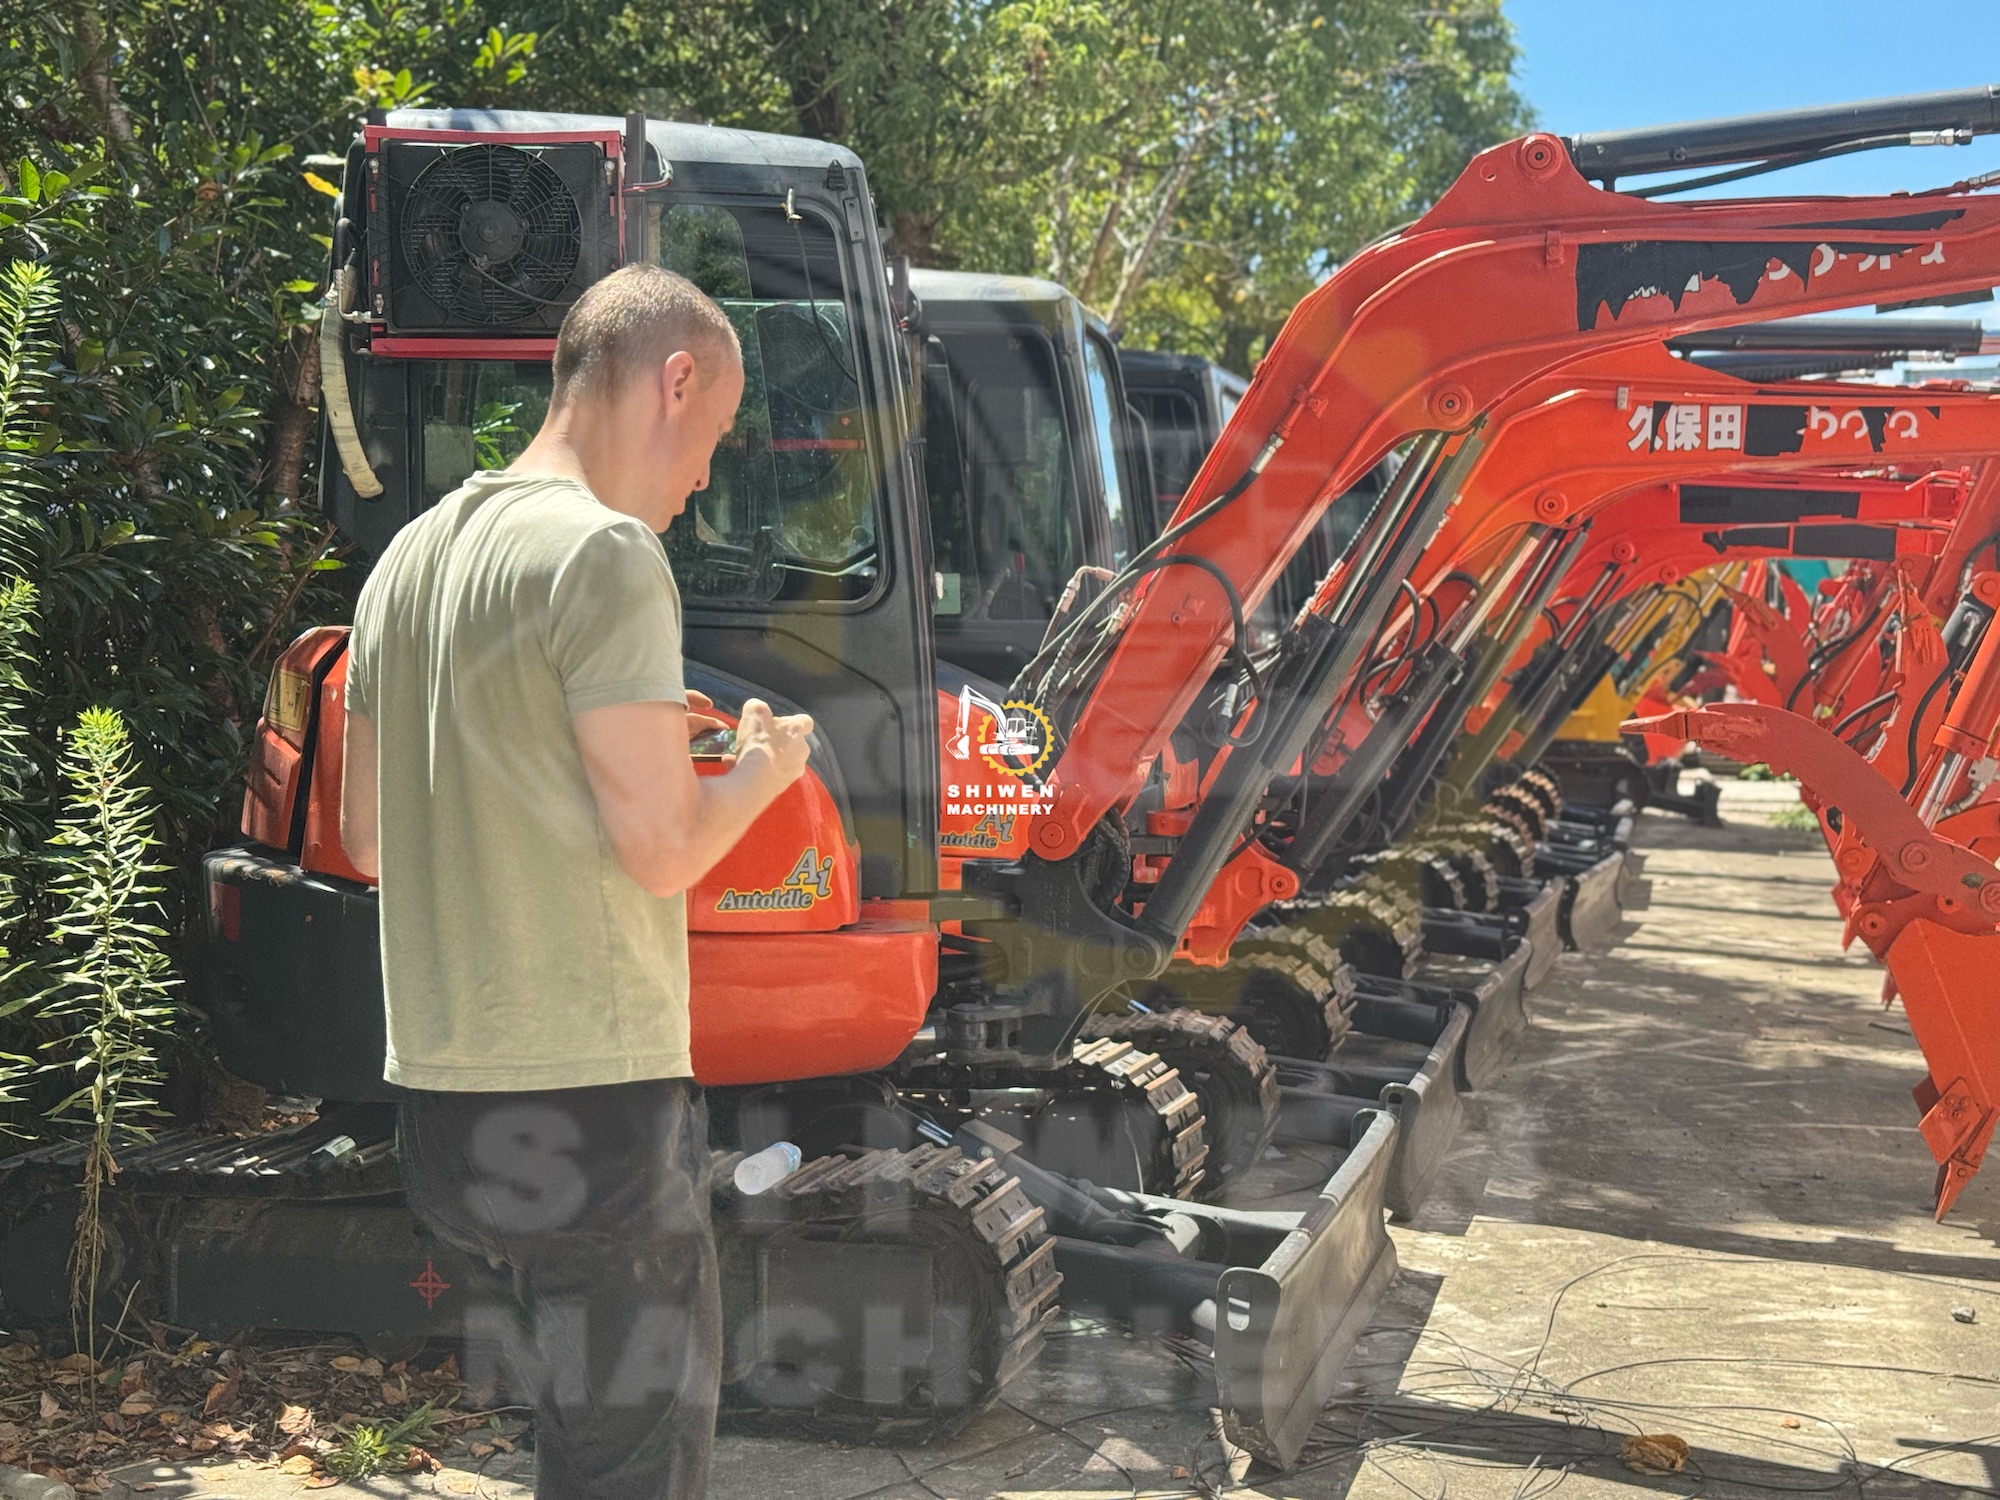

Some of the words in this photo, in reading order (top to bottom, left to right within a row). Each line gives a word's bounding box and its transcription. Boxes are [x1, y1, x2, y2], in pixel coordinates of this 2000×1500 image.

[1627, 404, 1743, 452] 久保田
[784, 848, 833, 898] Ai
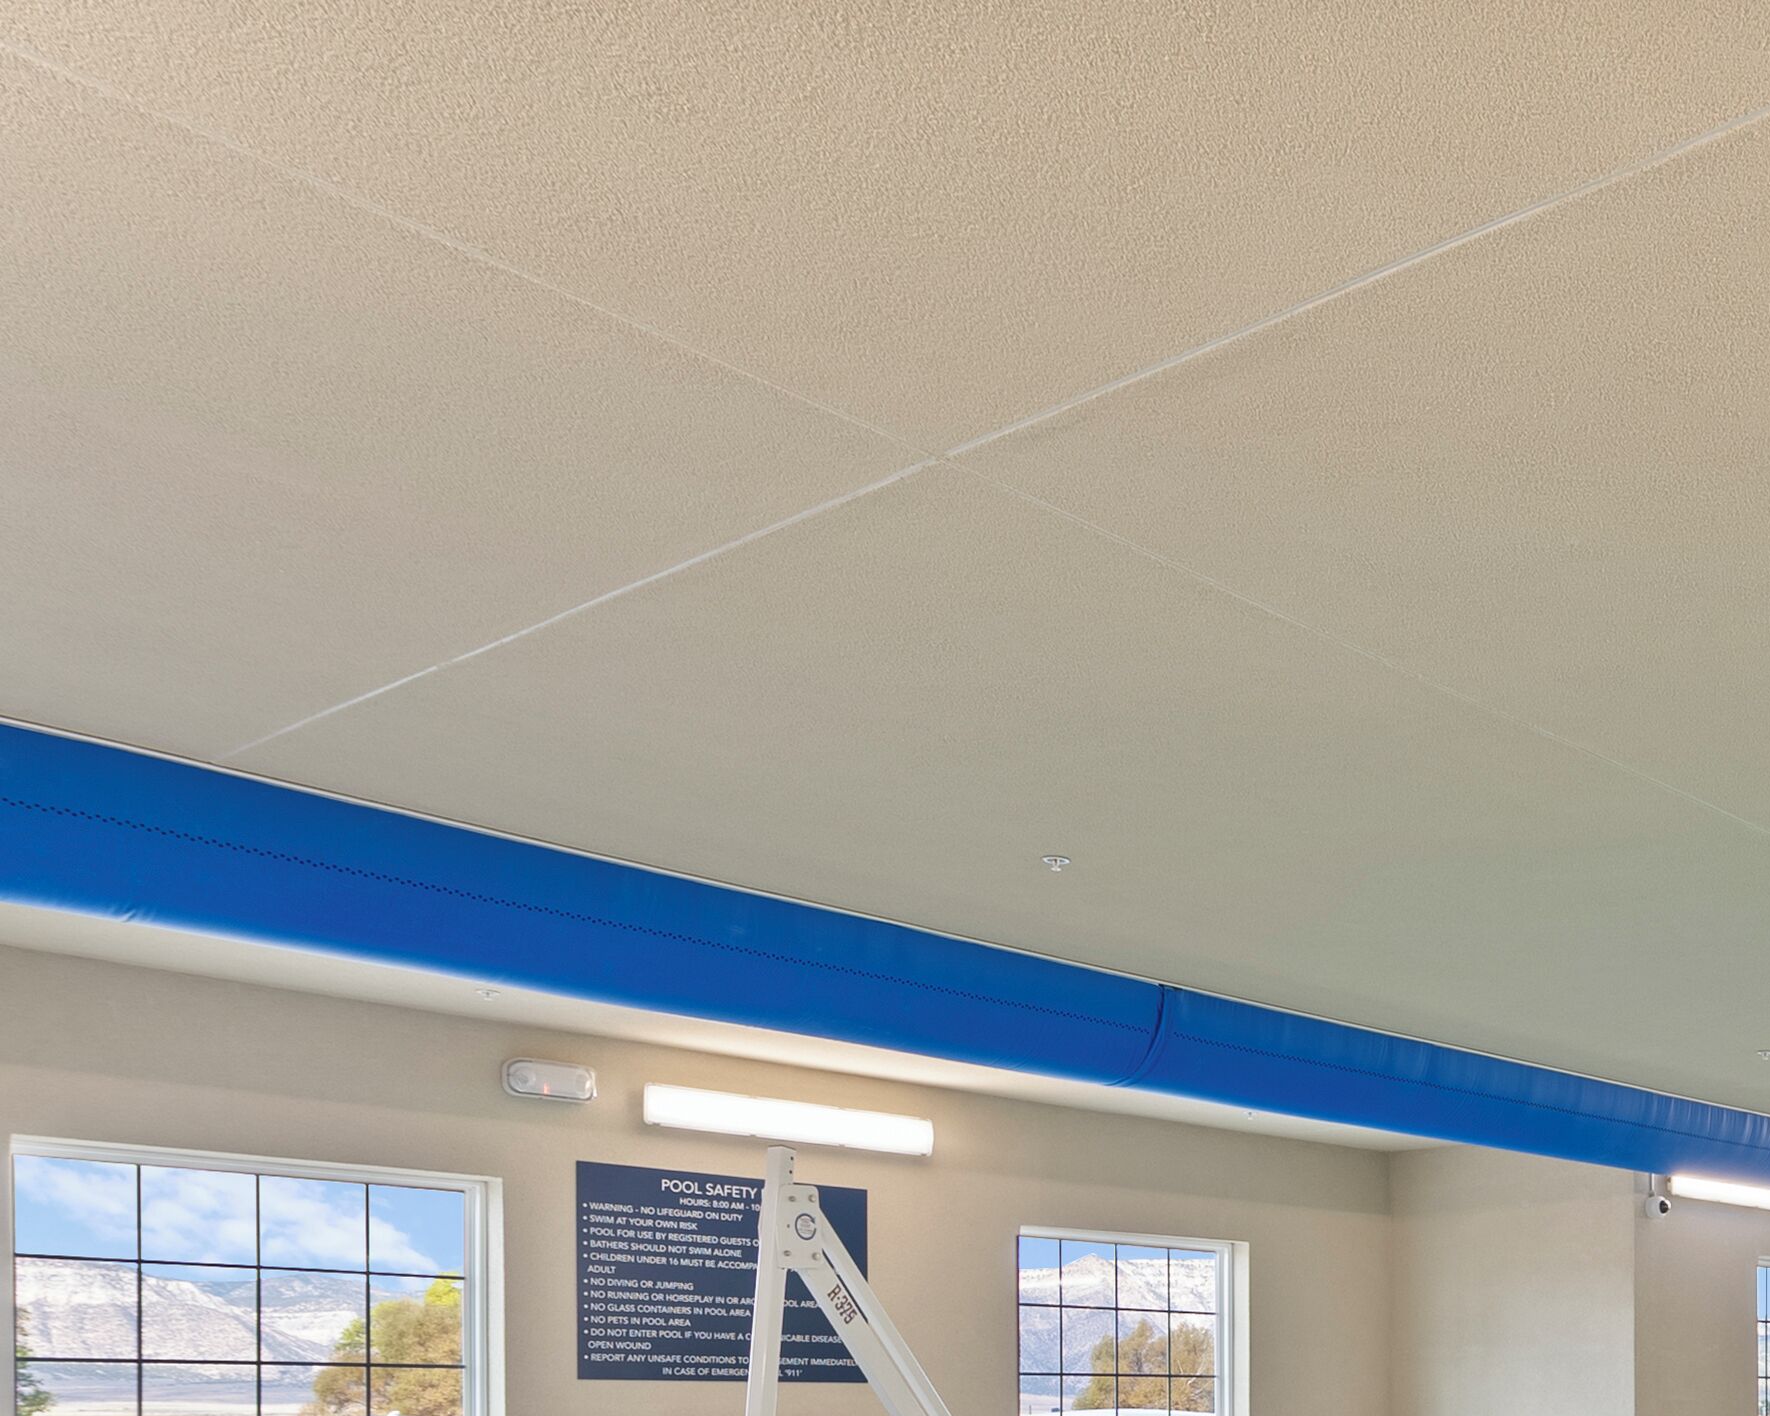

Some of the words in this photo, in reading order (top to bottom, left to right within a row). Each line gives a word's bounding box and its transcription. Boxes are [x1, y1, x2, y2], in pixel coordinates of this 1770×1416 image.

[661, 1179, 702, 1195] POOL
[706, 1183, 758, 1199] SAFETY
[680, 1198, 711, 1208] HOURS:
[712, 1200, 729, 1209] 8:00
[730, 1202, 744, 1210] AM
[589, 1202, 633, 1213] WARNING
[640, 1206, 655, 1215] NO
[657, 1208, 704, 1219] LIFEGUARD
[705, 1212, 719, 1220] ON
[720, 1213, 743, 1222] DUTY
[589, 1214, 614, 1224] SWIM
[616, 1216, 627, 1225] AT
[628, 1217, 654, 1227] YOUR
[655, 1220, 678, 1229] OWN
[679, 1221, 698, 1230] RISK
[589, 1227, 615, 1237] POOL
[616, 1229, 635, 1238] FOR
[637, 1231, 654, 1239] USE
[655, 1232, 667, 1240] BY
[668, 1233, 718, 1244] REGISTERED
[720, 1237, 751, 1247] GUESTS
[590, 1239, 629, 1250] BATHERS
[630, 1242, 667, 1252] SHOULD
[668, 1245, 687, 1254] NOT
[688, 1246, 712, 1255] SWIM
[713, 1248, 742, 1257] ALONE
[590, 1252, 635, 1263] CHILDREN
[636, 1255, 667, 1265] UNDER
[669, 1257, 679, 1266] 16
[680, 1258, 704, 1267] MUST
[705, 1259, 716, 1268] BE
[587, 1265, 616, 1274] ADULT
[590, 1277, 606, 1286] NO
[607, 1278, 639, 1288] DIVING
[640, 1280, 654, 1289] OR
[655, 1281, 694, 1291] JUMPING
[590, 1290, 606, 1299] NO
[607, 1291, 649, 1301] RUNNING
[651, 1293, 665, 1301] OR
[666, 1294, 714, 1303] HORSEPLAY
[715, 1296, 725, 1304] IN
[726, 1297, 739, 1305] OR
[590, 1303, 606, 1311] NO
[607, 1303, 636, 1313] GLASS
[637, 1305, 692, 1315] CONTAINERS
[693, 1307, 703, 1315] IN
[704, 1308, 728, 1316] POOL
[729, 1309, 752, 1317] AREA
[590, 1315, 606, 1324] NO
[607, 1316, 629, 1325] PETS
[630, 1317, 641, 1325] IN
[642, 1317, 667, 1326] POOL
[668, 1318, 691, 1327] AREA
[590, 1328, 606, 1337] DO
[607, 1328, 628, 1337] NOT
[629, 1329, 658, 1338] ENTER
[659, 1330, 683, 1339] POOL
[684, 1331, 693, 1339] IF
[693, 1331, 712, 1339] YOU
[713, 1332, 736, 1340] HAVE
[737, 1333, 744, 1341] A
[587, 1340, 614, 1349] OPEN
[615, 1341, 652, 1350] WOUND
[590, 1353, 625, 1362] REPORT
[626, 1354, 647, 1362] ANY
[648, 1354, 682, 1363] UNSAFE
[683, 1355, 737, 1364] CONDITIONS
[738, 1356, 750, 1365] TO
[810, 1358, 858, 1367] IMMEDIATEL
[662, 1367, 672, 1376] IN
[673, 1367, 696, 1376] CASE
[697, 1368, 710, 1376] OF
[711, 1368, 749, 1376] EMERGEN

* _WHAT THIS TASK INVOLVES_
So that the copy stays exact, reproduce each record word for word and leave its images out.

* _OUTPUT_
Some of the words in this photo, in reading order (top to bottom, left to right within a row). Each line gives a word's bounding box and its transcription. Boxes are [x1, y1, x2, y2], in pixel coordinates of this 2000×1500 image.

[1627, 404, 1743, 452] 久保田
[784, 848, 833, 898] Ai

Some of the words in this photo, in reading order (top to bottom, left to right within a row). Each line gives a word's bounding box and its transcription. Boxes are [x1, y1, x2, y2], in pixel coordinates of this 1770×1416 image.

[661, 1179, 702, 1195] POOL
[706, 1183, 758, 1199] SAFETY
[680, 1198, 711, 1208] HOURS:
[712, 1200, 729, 1209] 8:00
[730, 1202, 744, 1210] AM
[589, 1202, 633, 1213] WARNING
[640, 1206, 655, 1215] NO
[657, 1208, 704, 1219] LIFEGUARD
[705, 1212, 719, 1220] ON
[720, 1213, 743, 1222] DUTY
[589, 1214, 614, 1224] SWIM
[616, 1216, 627, 1225] AT
[628, 1217, 654, 1227] YOUR
[655, 1220, 678, 1229] OWN
[679, 1221, 698, 1230] RISK
[589, 1227, 615, 1237] POOL
[616, 1229, 635, 1238] FOR
[637, 1231, 654, 1239] USE
[655, 1232, 667, 1240] BY
[668, 1233, 718, 1244] REGISTERED
[720, 1237, 751, 1247] GUESTS
[590, 1239, 629, 1250] BATHERS
[630, 1242, 667, 1252] SHOULD
[668, 1245, 687, 1254] NOT
[688, 1246, 712, 1255] SWIM
[713, 1248, 742, 1257] ALONE
[590, 1252, 635, 1263] CHILDREN
[636, 1255, 667, 1265] UNDER
[669, 1257, 679, 1266] 16
[680, 1258, 704, 1267] MUST
[705, 1259, 716, 1268] BE
[587, 1265, 616, 1274] ADULT
[590, 1277, 606, 1286] NO
[607, 1278, 639, 1288] DIVING
[640, 1280, 654, 1289] OR
[655, 1281, 694, 1291] JUMPING
[590, 1290, 606, 1299] NO
[607, 1291, 649, 1301] RUNNING
[651, 1293, 665, 1301] OR
[666, 1294, 714, 1303] HORSEPLAY
[715, 1296, 725, 1304] IN
[726, 1297, 739, 1305] OR
[590, 1303, 606, 1311] NO
[607, 1303, 636, 1313] GLASS
[637, 1305, 692, 1315] CONTAINERS
[693, 1307, 703, 1315] IN
[704, 1308, 728, 1316] POOL
[729, 1309, 752, 1317] AREA
[590, 1315, 606, 1324] NO
[607, 1316, 629, 1325] PETS
[630, 1317, 641, 1325] IN
[642, 1317, 667, 1326] POOL
[668, 1318, 691, 1327] AREA
[590, 1328, 606, 1337] DO
[607, 1328, 628, 1337] NOT
[629, 1329, 658, 1338] ENTER
[659, 1330, 683, 1339] POOL
[684, 1331, 693, 1339] IF
[693, 1331, 712, 1339] YOU
[713, 1332, 736, 1340] HAVE
[737, 1333, 744, 1341] A
[587, 1340, 614, 1349] OPEN
[615, 1341, 652, 1350] WOUND
[590, 1353, 625, 1362] REPORT
[626, 1354, 647, 1362] ANY
[648, 1354, 682, 1363] UNSAFE
[683, 1355, 737, 1364] CONDITIONS
[738, 1356, 750, 1365] TO
[810, 1358, 858, 1367] IMMEDIATEL
[662, 1367, 672, 1376] IN
[673, 1367, 696, 1376] CASE
[697, 1368, 710, 1376] OF
[711, 1368, 749, 1376] EMERGEN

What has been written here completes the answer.